Stephen Triplett

Stephen Triplett has distributed ASAP’s Local Food Guide in the community for two decades. You can find the 2023 Local Food Guide at local businesses, community centers, and farmers markets starting May 1.

When did you start distributing ASAP’s Local Food Guide?

I think it was around 2002, 2003. A friend of mine, Erin Everett, was the publisher of local health food publication, New Life Journal, and she had asked me if I wanted to do their distribution. I thought I would just drop it off at Earth Fare and maybe a handful of places, but it kept growing and growing. Charlie [Jackson, ASAP founder] knew Erin and they worked out a deal where the Local Food Guide could piggyback on New Life Journal’s distribution. When New Life Journal went out of business in 2009, ASAP asked if I would like to continue, and I’ve been doing it ever since. 

Have you seen enthusiasm for local food change in that time?

Over the years there’s been a lot more people identifying with and wanting to support local, especially farmers and local food. It’s done nothing but grown. But in the past few years, tourists are really picking up the Local Food Guide and using it to help them find places to eat and learn about the area. For example, the airport: When we first started taking guides to them, they didn’t move. But in the last three or four years—man, I can’t bring enough. Now they’re adding seven gates, you know. With the rate they’re expanding, I joked to David King [Guest Services and Advertising Manager], “You want me to start bringing these in on a tractor trailer?” With the Asheville Visitors Center on Montford, it’s the same story. Five or six years ago I started taking guides to the Blue Ridge Parkway Visitors Center. They had tight rules around free publications. They said, “People come from out of town, they don’t want local food.” Cut to the chase, now I can’t keep enough in there. 

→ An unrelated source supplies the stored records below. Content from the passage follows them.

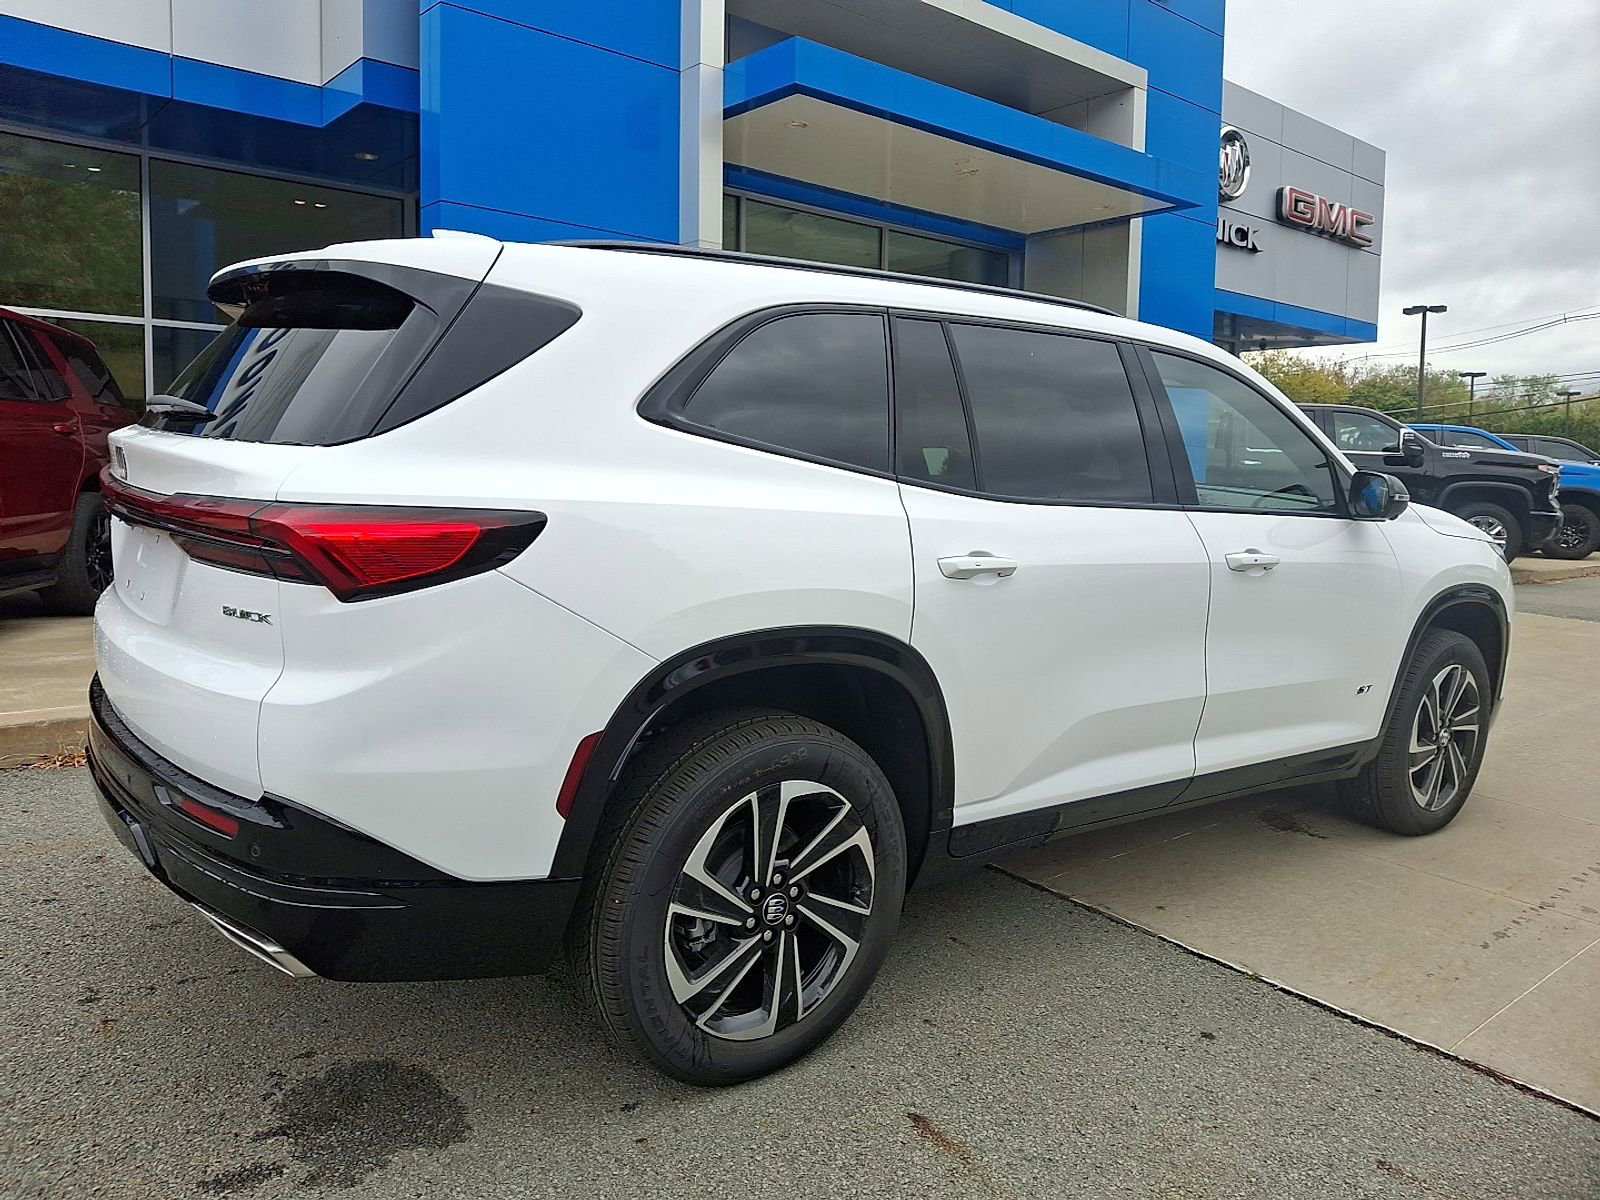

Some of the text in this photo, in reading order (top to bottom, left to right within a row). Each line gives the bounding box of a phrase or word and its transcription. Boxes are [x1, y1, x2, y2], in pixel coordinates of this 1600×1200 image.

[1278, 186, 1374, 247] GMC
[1217, 218, 1264, 252] ICK
[222, 605, 274, 627] BUICK
[1356, 684, 1374, 695] ST
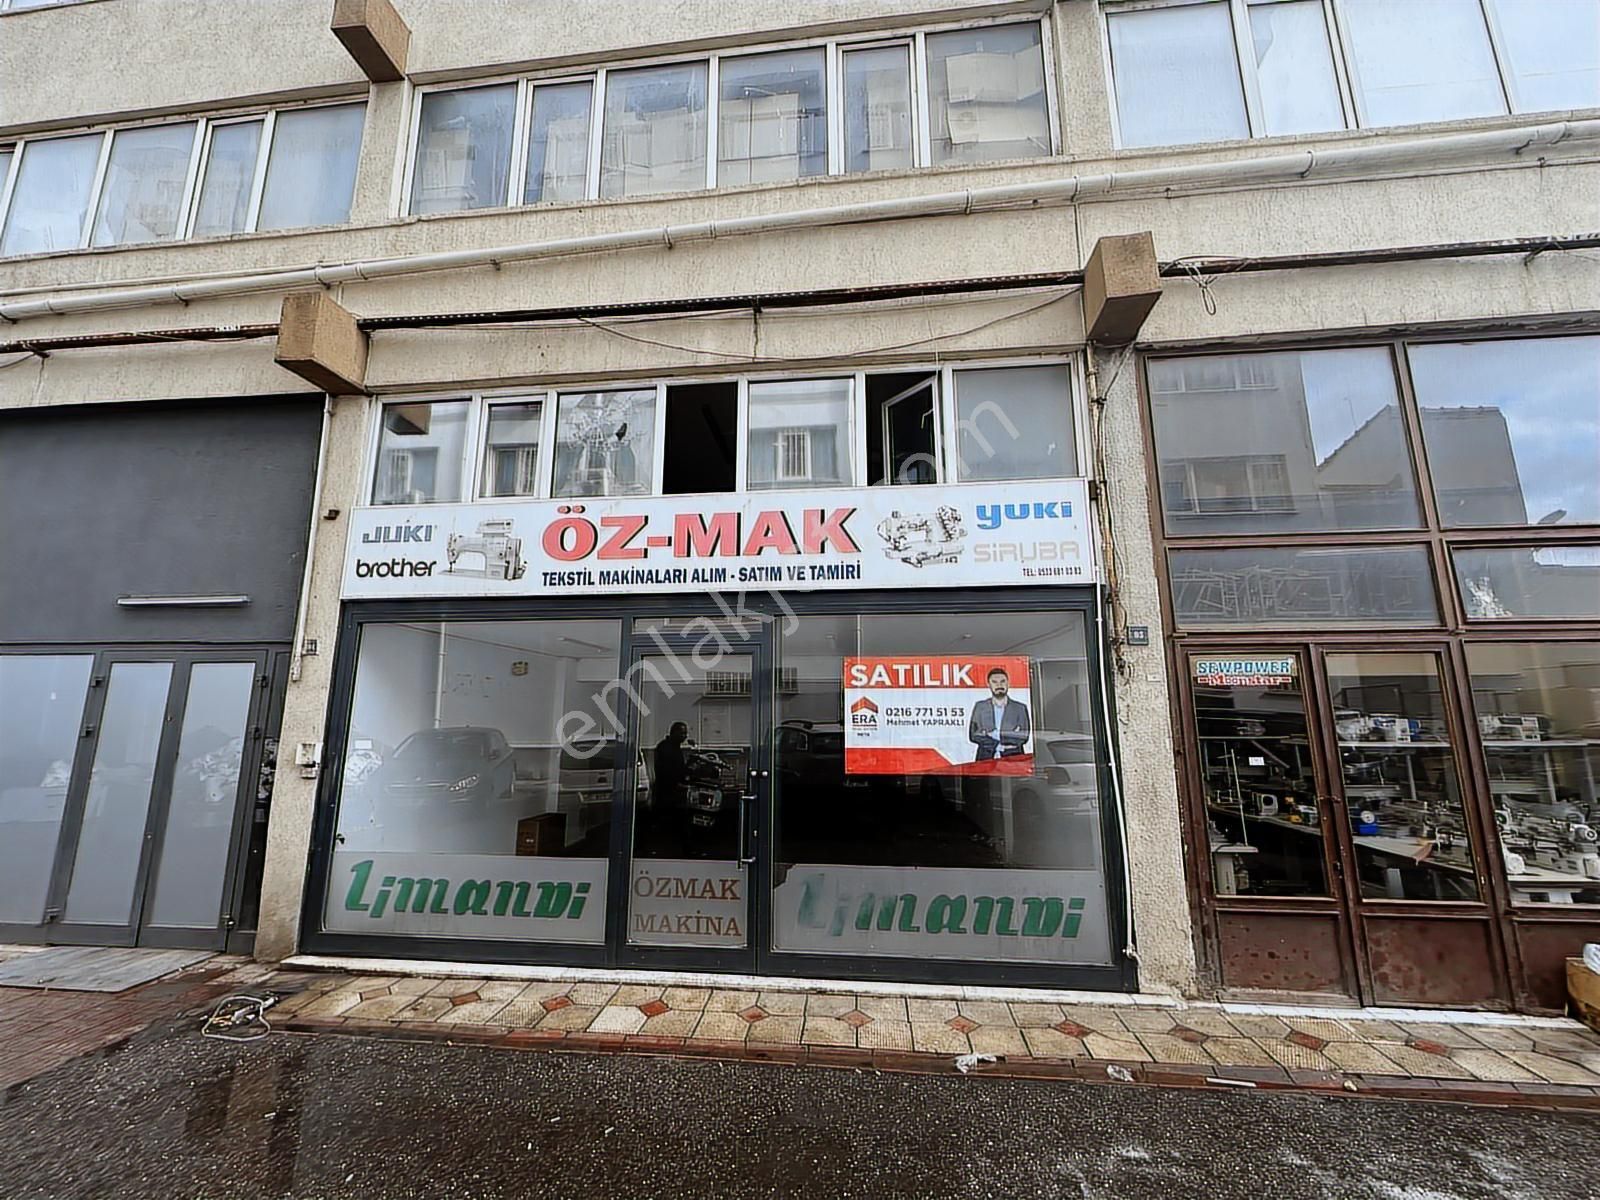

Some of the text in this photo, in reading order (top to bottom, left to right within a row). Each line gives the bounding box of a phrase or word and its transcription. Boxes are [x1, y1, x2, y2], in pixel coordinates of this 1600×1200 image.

[362, 524, 434, 543] JUKI
[541, 504, 862, 561] ÖZ-MAK
[355, 557, 437, 578] brother
[542, 566, 595, 587] TEKSTİL
[598, 565, 688, 586] MAKİNALARI
[691, 567, 727, 584] ALIM
[738, 565, 782, 583] SATIM
[787, 564, 806, 581] VE
[809, 559, 861, 580] TAMİRİ
[850, 663, 974, 687] SATILIK
[1197, 660, 1290, 674] SEWPOWER
[851, 712, 877, 724] ERA
[885, 707, 965, 717] 0216 771 51 53
[886, 717, 965, 727] Mehmet YAPRAKLI
[633, 870, 741, 900] ÖZMAK
[634, 909, 742, 937] MAKİNA

You’ve really become an ambassador for the Local Food Guide out in the community, convincing places give space for the publication. 

It can be a battle, I’m not kidding! There have been so many publications in Asheville through the years. And remember, we’re a free thing, so businesses are doing us a service. They could be using that space for their own retail. But I go in person, bring in a bundle, and smile. I talk about how this is a hugely popular service for local food and most of the time people are really positive about that. I might make a joke like, “These are free, but I can autograph it for you.” Getting people laughing is a good way to get in, get them to trust me. But then they see how customers really want the guides and they ask for more. 

What are some of your favorite delivery spots?

I love the local companies. I really like going into Mast General Store, Sow True Seed. French Broad Chocolate Lounge is always a good one. Really good people at Foothills Butcher Bar out in Black Mountain.

What are you up to when you’re not delivering Local Food Guides?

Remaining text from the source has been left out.